The Romance of Alexander is any of several collections of legends concerning the mythical exploits of Alexander the Great. The earliest version is in the Greek language, dating to the 3rd century. Several late manuscripts attribute the work to Alexander's court historian Callisthenes, but the historical person died before Alexander and could not have written a full account of his life. The unknown author is still sometimes known as Pseudo-Callisthenes.

The text was transformed into various versions between the 4th and the 16th centuries, in Medieval Greek, Latin, Armenian, Syriac, Hebrew and most medieval European vernaculars.

Alexander was a legend during his own time. In a now-lost history of the king, the historical Callisthenes described the sea in Cilicia as drawing back from him in proskynesis. Writing after Alexander's death, another participant, Onesicritus, invented a tryst between Alexander and Thalestris, queen of the mythical Amazons. (According to Plutarch, when Onesicritus read this passage to his patron Lysimachus, one of Alexander's generals who later became a king himself, Lysimachus quipped "I wonder where I was at the time.")

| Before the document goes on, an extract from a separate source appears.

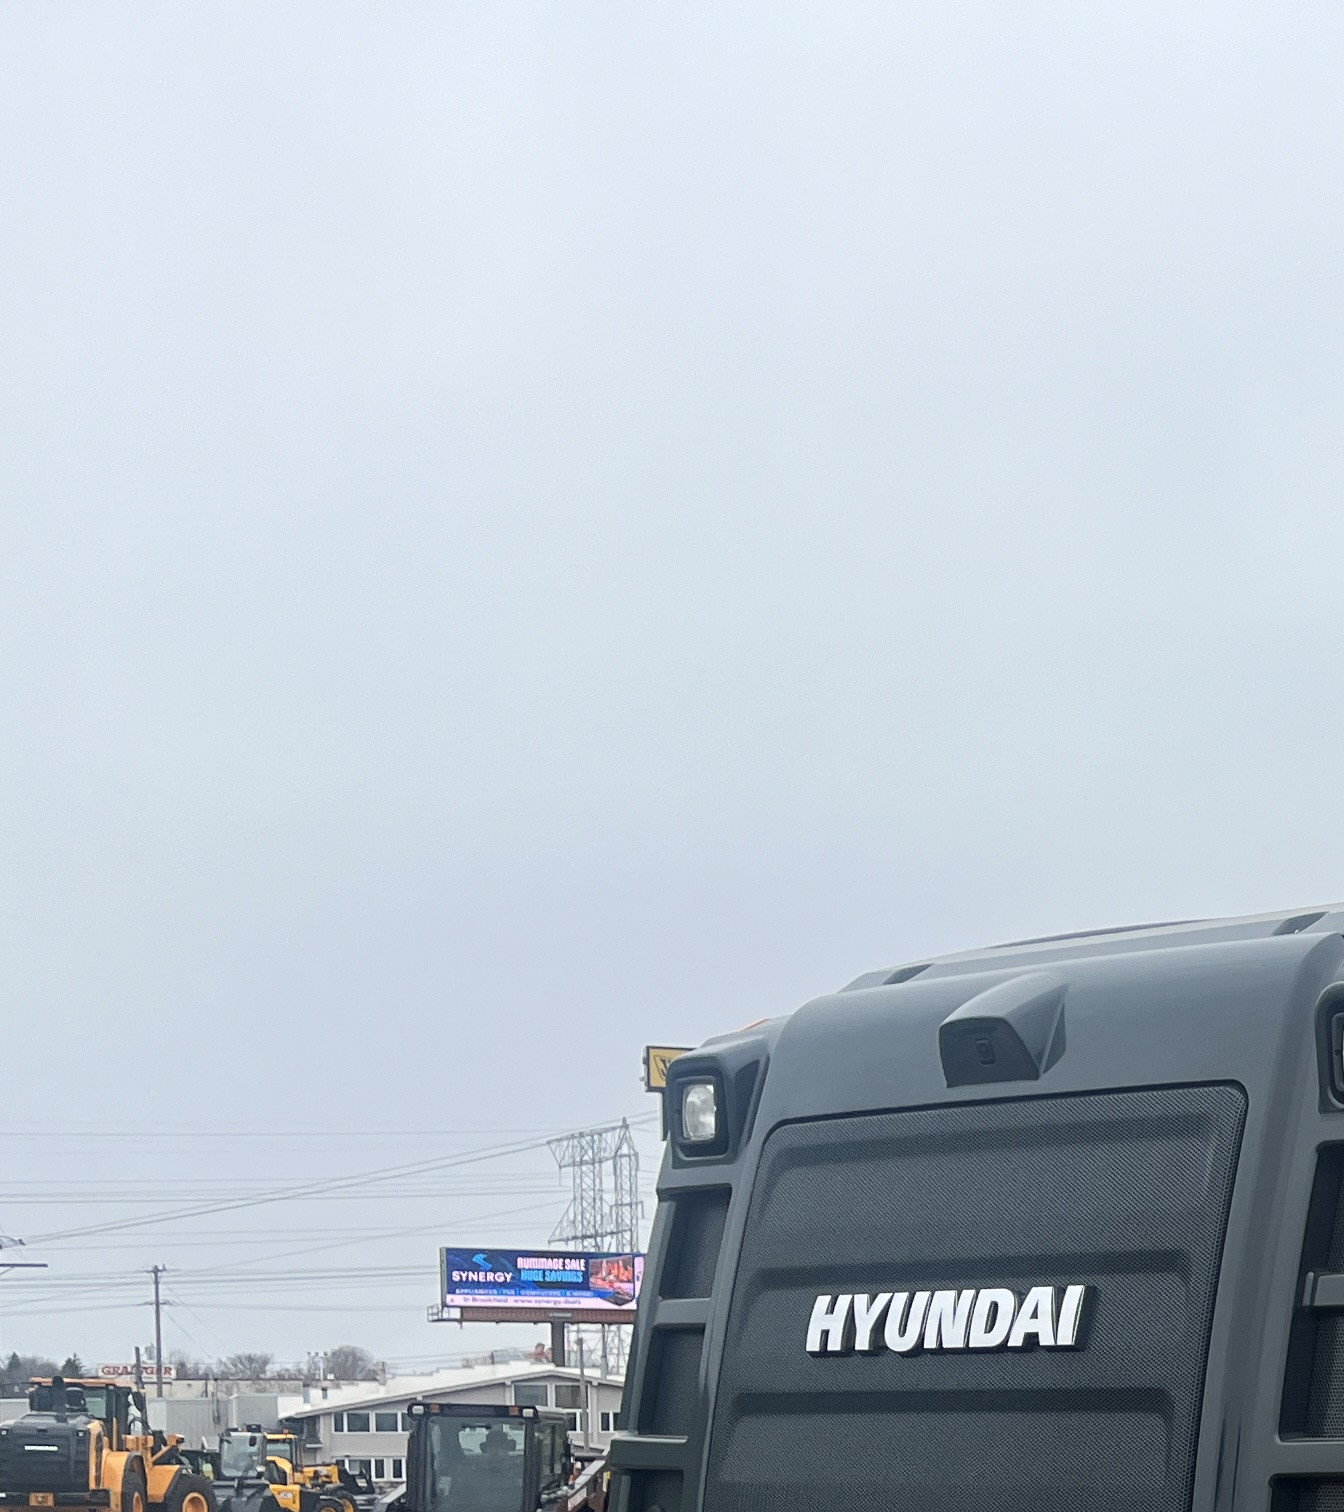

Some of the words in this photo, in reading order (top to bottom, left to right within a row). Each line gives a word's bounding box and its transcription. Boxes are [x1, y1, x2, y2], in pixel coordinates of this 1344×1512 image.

[565, 1258, 586, 1271] SALE
[452, 1270, 513, 1283] SYNERGY
[805, 1284, 1086, 1352] HYUNDAI

Throughout Antiquity and the Middle Ages, the Romance experienced numerous expansions and revisions exhibiting a variability unknown for more formal literary forms. Latin, Armenian, Georgian and Syriac translations were made in Late Antiquity (4th to 6th centuries).

The Celticist Kuno Meyer received his doctorate for his thesis Eine irische Version der Alexandersage, an Irish version of the Alexander Romance, in 1884.